そして実際に国家は、それを顧客らにかならず振りまいていた。権力者の子や甥《おい》や縁故の者や部下などに、名誉と仕事とをおごってやった。議員らは歳費の増額をみずから投票していた。財産や地位や肩書など国家のあらゆる資源が、ほしいままに濫費されていた。――そして、上層の実例の痛ましい反響として、下層には怠業が起こっていた。祖国にたいする反抗を教える小学教員、手紙や電報を焼く郵便局員、機械の歯車仕掛けに砂や金剛砂を投げ込む工場職工、造兵廠《ぞうへいしょう》を破壊する造兵職工、焼かれる船舶、労働者自身の手によってなされる恐るべき労働の浪費――富者の破壊ではなく、世界の富の破壊であった。
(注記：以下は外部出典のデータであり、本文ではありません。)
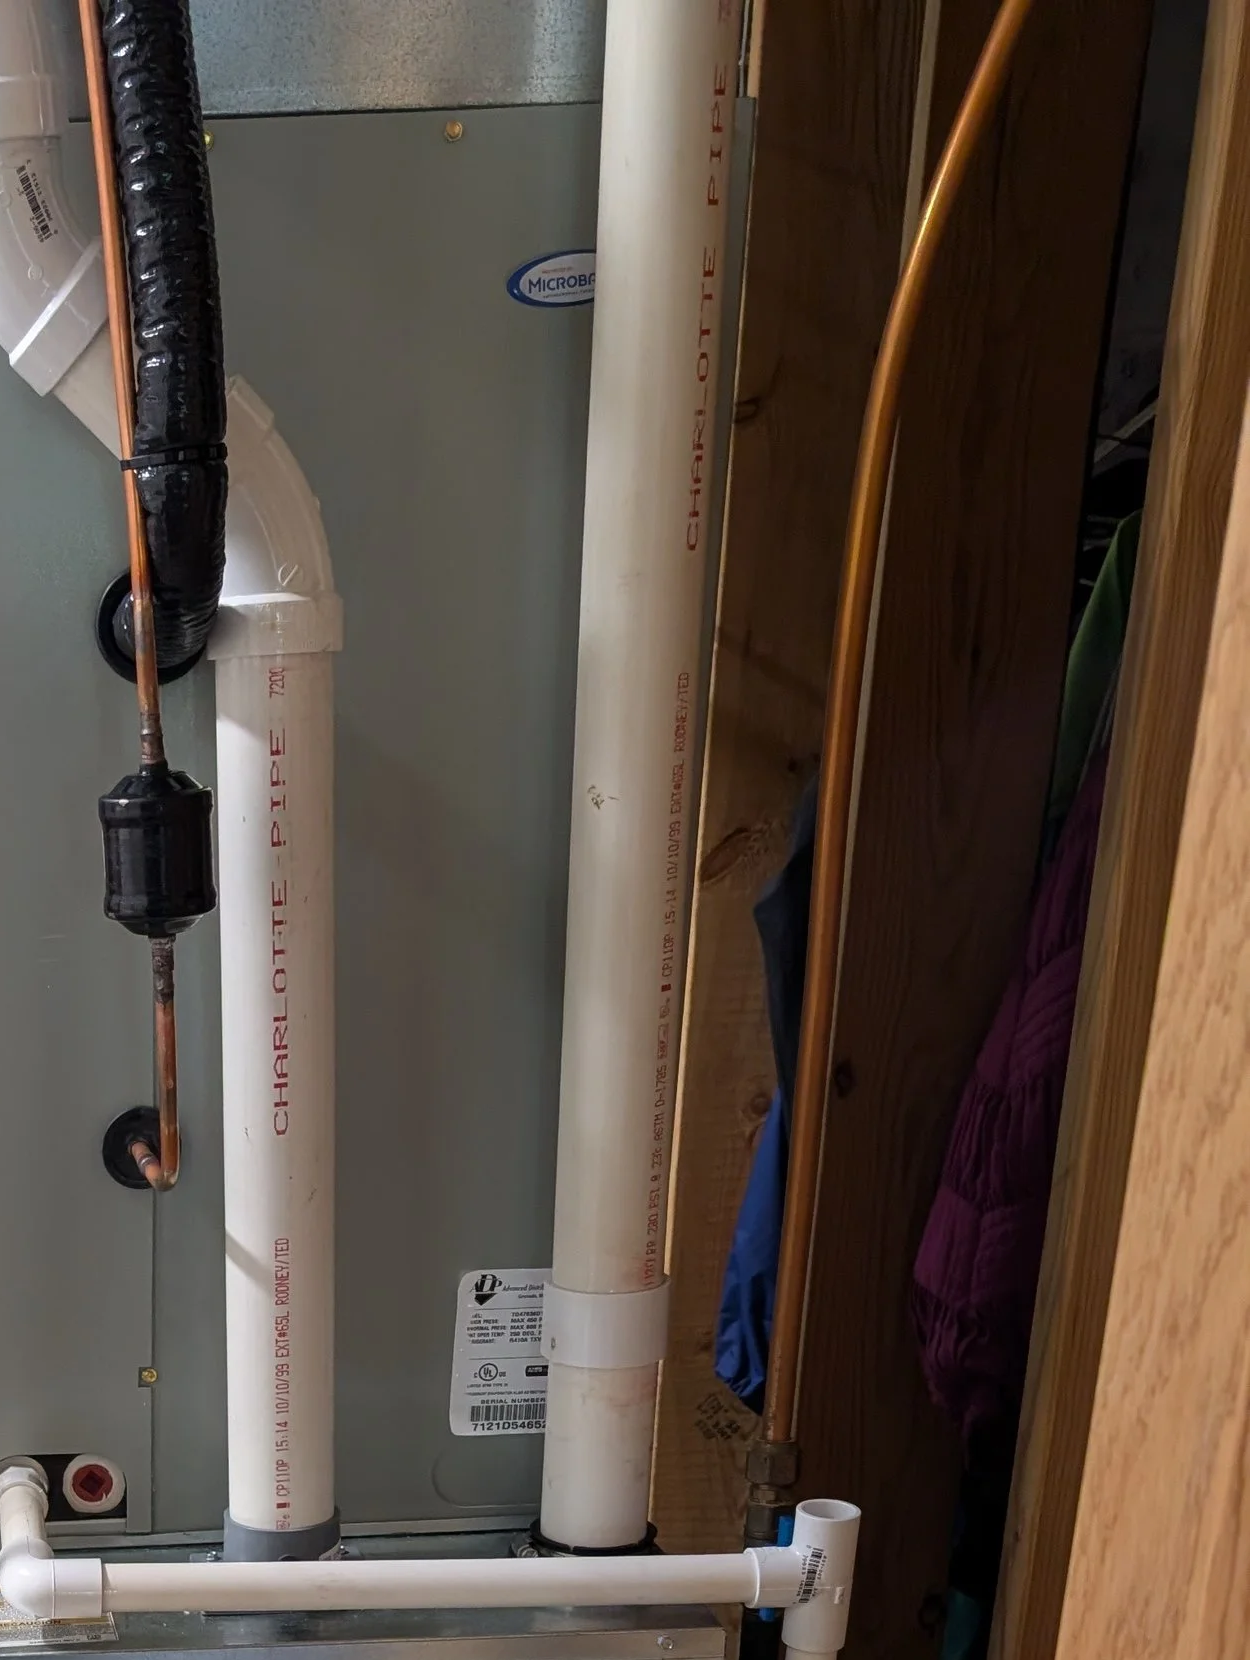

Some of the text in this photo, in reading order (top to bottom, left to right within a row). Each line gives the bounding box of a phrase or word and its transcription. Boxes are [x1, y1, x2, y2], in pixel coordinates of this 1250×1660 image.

[686, 63, 727, 551] CHARLOTTE PIPE
[269, 727, 289, 1137] CHARLOTTE PIPE
[274, 1236, 290, 1306] RODNEY/TED
[274, 1310, 290, 1358] EXT#65L
[274, 1363, 291, 1415] 10/10/99
[274, 1419, 290, 1453] 15:14
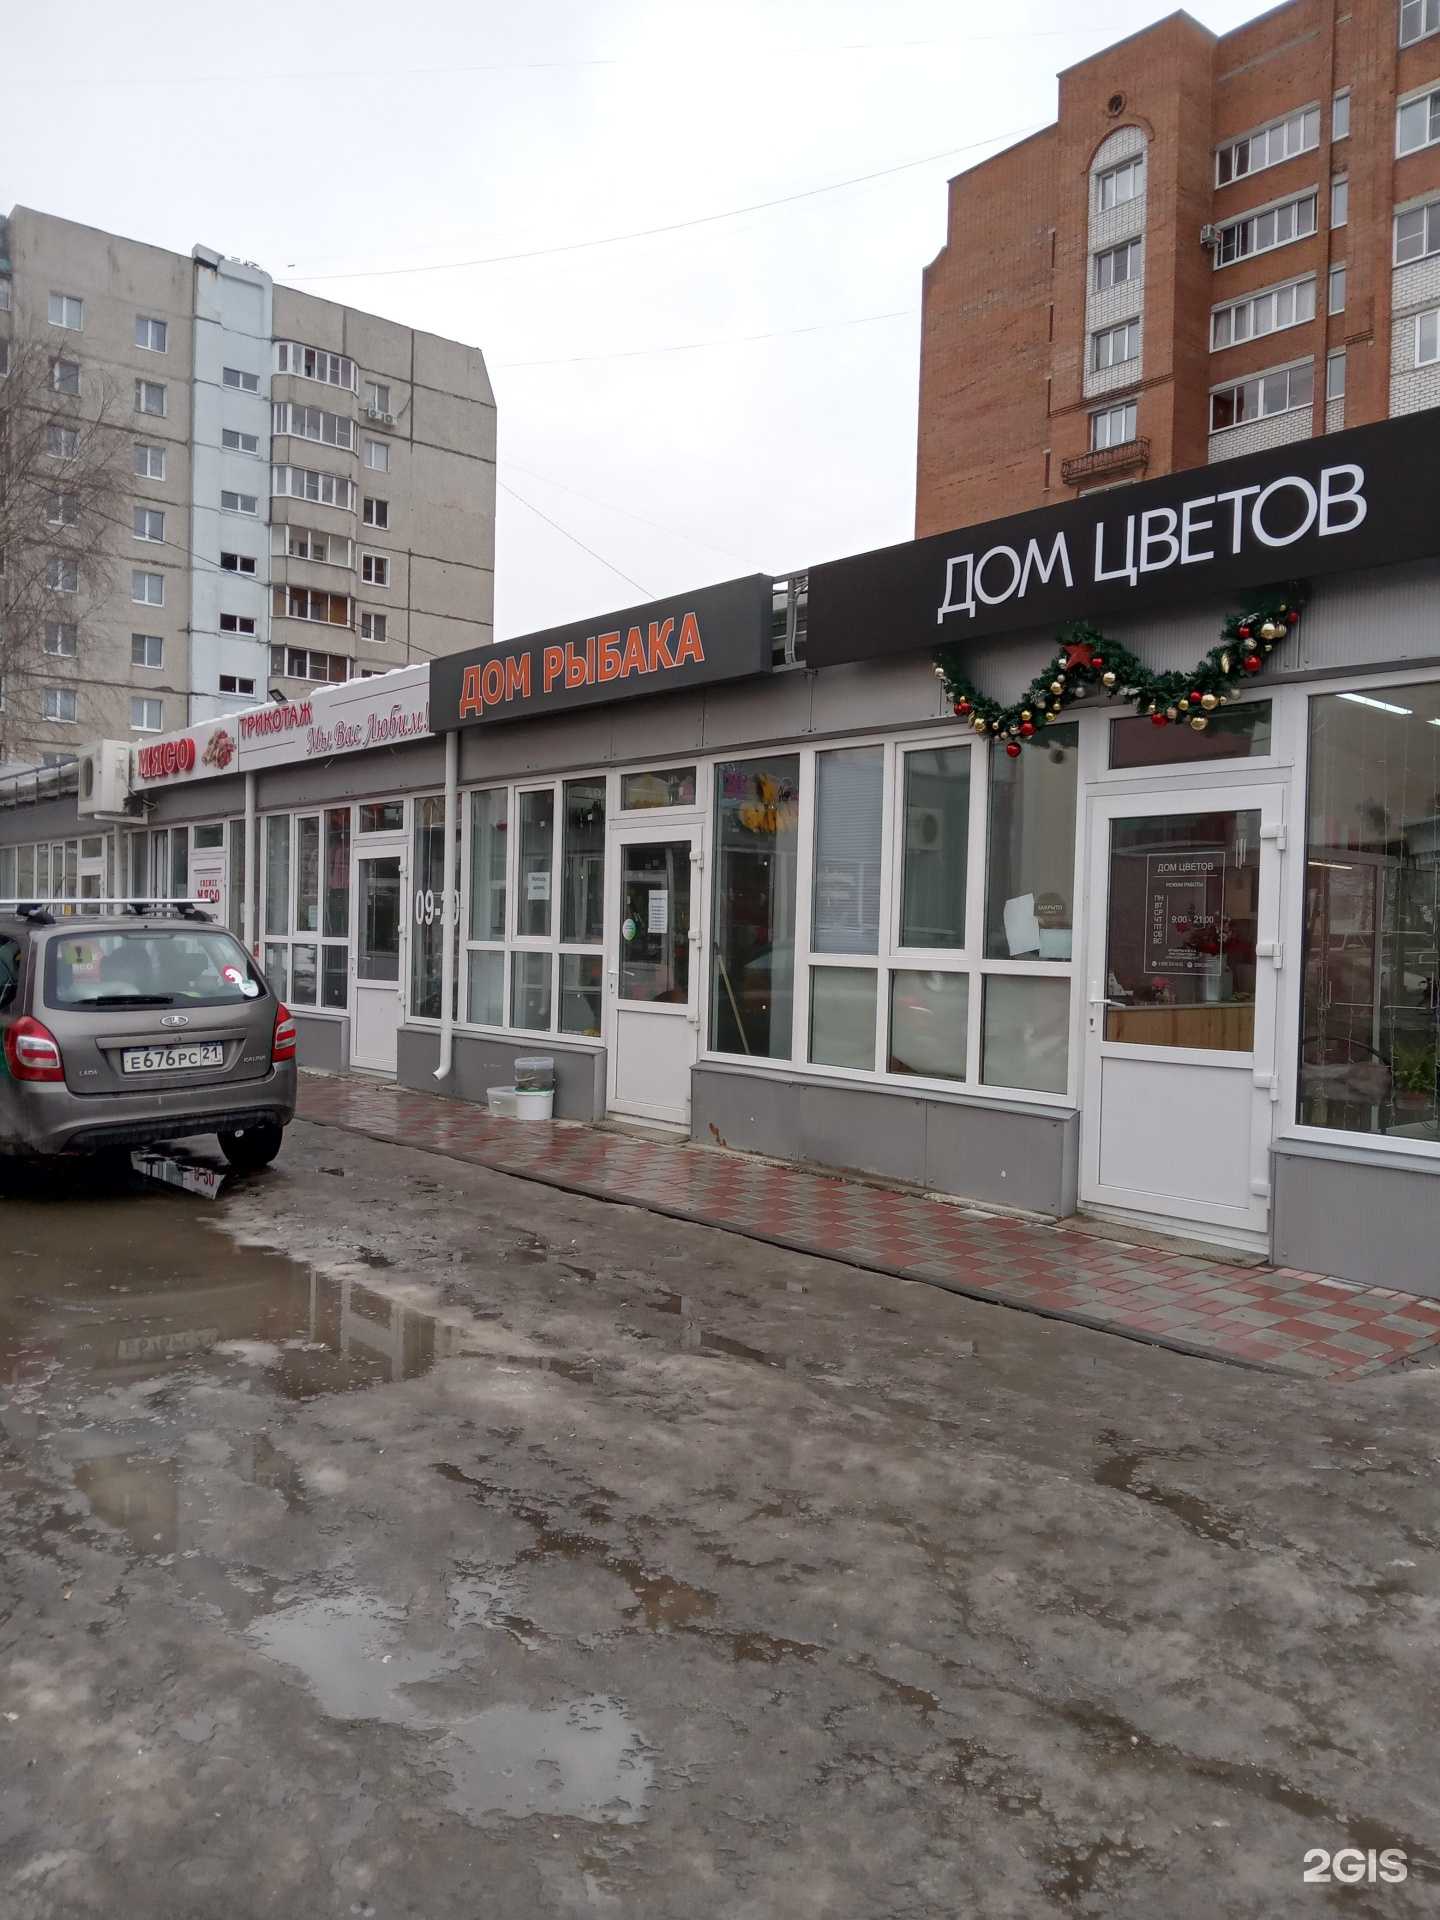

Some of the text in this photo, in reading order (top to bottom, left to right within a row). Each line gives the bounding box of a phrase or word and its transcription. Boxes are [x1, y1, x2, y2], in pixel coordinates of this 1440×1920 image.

[937, 463, 1368, 624] ДОМ ЦВЕТОВ
[459, 612, 705, 719] ДОМ РЫБАКА
[239, 701, 313, 738] ТРИКОТАЖ
[306, 702, 429, 754] Мы Вас Любим!
[137, 737, 195, 778] МЯСО
[1157, 862, 1214, 873] ДОМ ЦВЕТОВ
[202, 1046, 218, 1060] 21
この仕事を確認するために、選ばれたる知者らが、民衆のこの自殺的行為を、幸福にたいする神聖なる権利という名において、理性と権利との上に立脚せしめて喜んでいた。病人めいた人道主義は、善悪の差別を無視し、罪人の「責任なき神聖なる」人そのものにたいして憐憫《れんびん》の情を寄せ、罪悪の前に平伏して罪悪に社会を委《ゆだ》ねていた。
クリストフはこう考えた。
「フランスは自由というものに酔っている。狂乱を演じたあとで酔い倒れてしまうだろう。そして眼を覚《さ》ます時には、拘留所にぶち込まれてるだろう。」
この過激民主政のうちで、最もクリストフの気を害したことは、明らかに根底の不確実な連中によって最も悪い政治的暴逆が冷やかになされるのを、目撃することであった。かかる浮薄な徒輩と、彼らがなしもしくは許してる苛酷《かこく》な行為との間には、あまりに厚かましい不均衡が存在していた。彼らのうちには二つの矛盾したものがあるようだった。すなわち何物をも信じない不安定な性質と、何物にも耳を傾けずにただ人生をかき回す理屈癖の理性と。種々の方法でいじめつけられてる平和な市民やカトリック教徒や将校などが、なぜ彼らを放逐しないのかしらと、クリストフは怪しんだ。そして彼は何にも隠すことができなかったので、ルーサンは容易に彼の考えを推知した。ルーサンは笑い出して言った。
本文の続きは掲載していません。